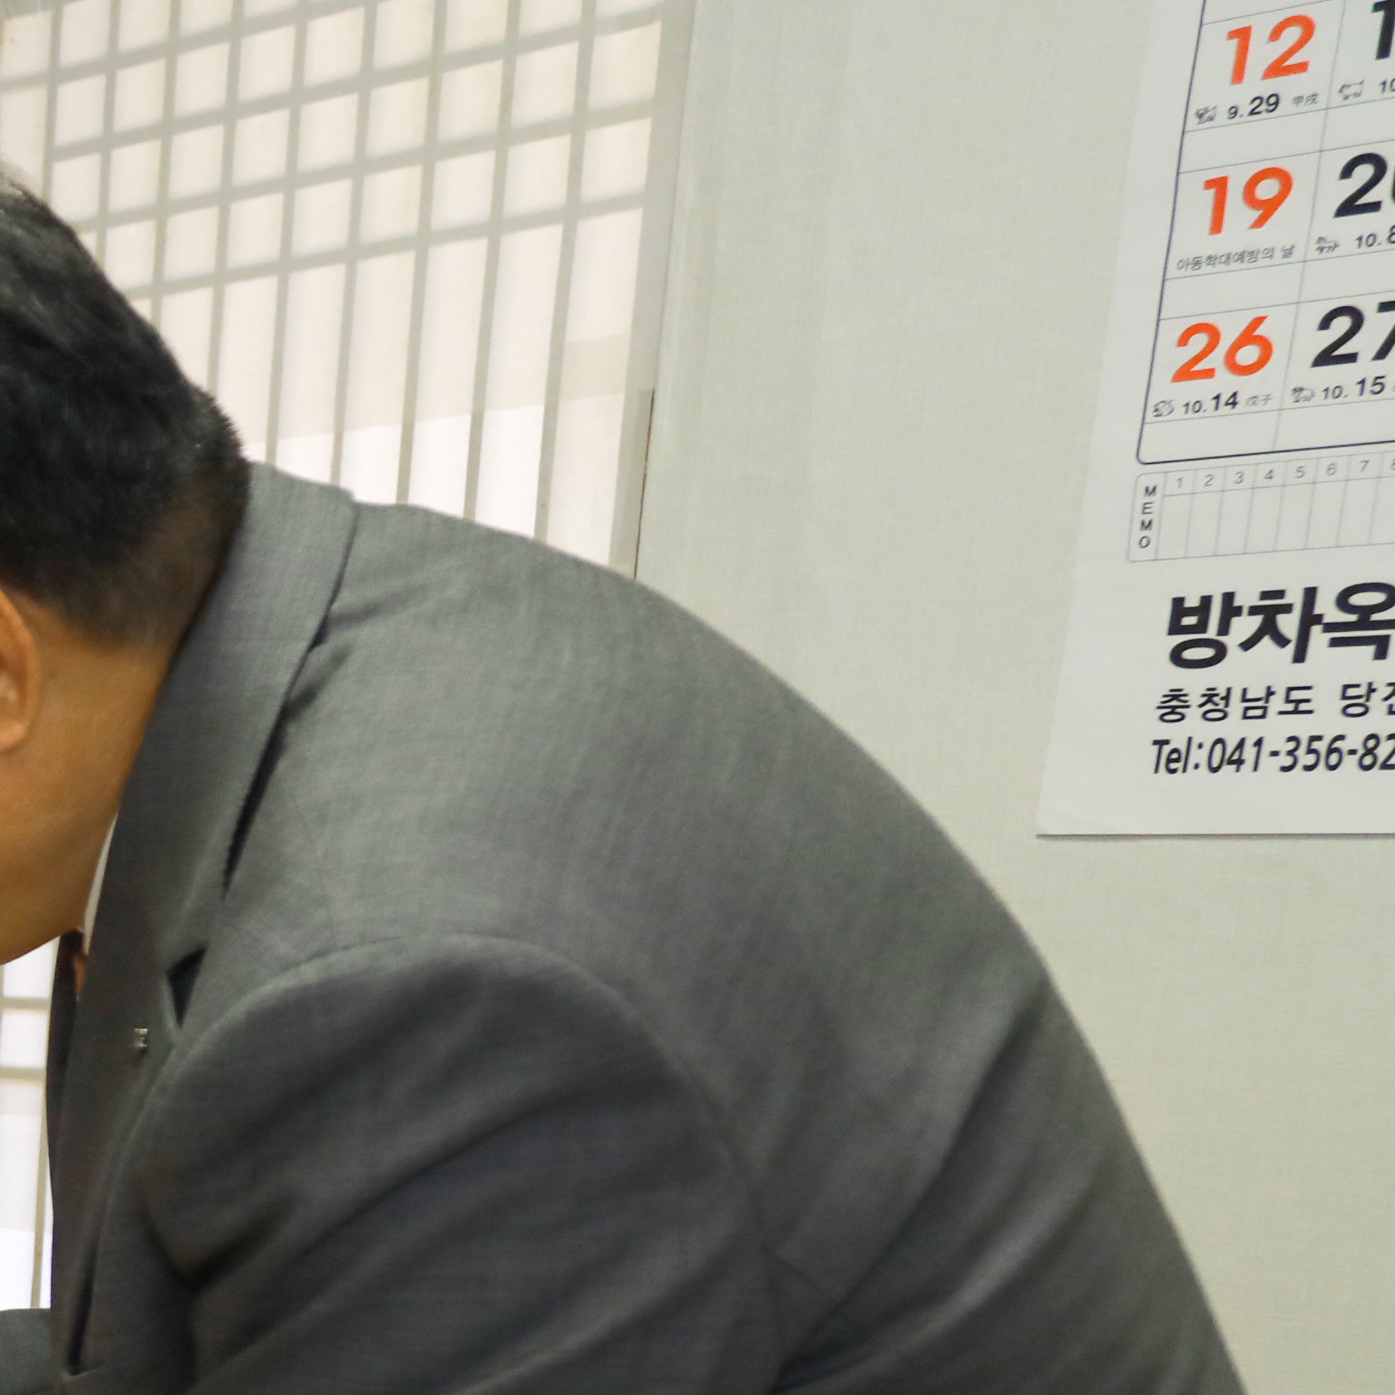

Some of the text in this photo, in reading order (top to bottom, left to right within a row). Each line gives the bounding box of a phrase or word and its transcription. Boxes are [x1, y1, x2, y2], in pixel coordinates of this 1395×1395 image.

[1225, 13, 1316, 86] 12
[1202, 166, 1294, 236] 19
[1280, 243, 1296, 259] 날
[1170, 315, 1274, 384] 26
[1203, 474, 1215, 487] 2
[1233, 472, 1245, 485] 3
[1263, 469, 1275, 482] 4
[1294, 466, 1306, 479] 5
[1326, 462, 1338, 476] 6
[1359, 460, 1370, 473] 7
[1137, 484, 1157, 549] MEMO
[1166, 582, 1395, 669] 방차옥
[1155, 685, 1315, 724] 충청남도

◆ ◆ ◆

# [Exercise instructions]
Reproduce each record above by retyping it exactly; omit all images.

# [Your solution]
Some of the text in this photo, in reading order (top to bottom, left to right within a row). Each line gives the bounding box of a phrase or word and its transcription. Boxes are [x1, y1, x2, y2], in pixel coordinates of this 1395×1395 image.

[1225, 13, 1316, 86] 12
[1202, 166, 1294, 236] 19
[1280, 243, 1296, 259] 날
[1170, 315, 1274, 384] 26
[1203, 474, 1215, 487] 2
[1233, 472, 1245, 485] 3
[1263, 469, 1275, 482] 4
[1294, 466, 1306, 479] 5
[1326, 462, 1338, 476] 6
[1359, 460, 1370, 473] 7
[1137, 484, 1157, 549] MEMO
[1166, 582, 1395, 669] 방차옥
[1155, 685, 1315, 724] 충청남도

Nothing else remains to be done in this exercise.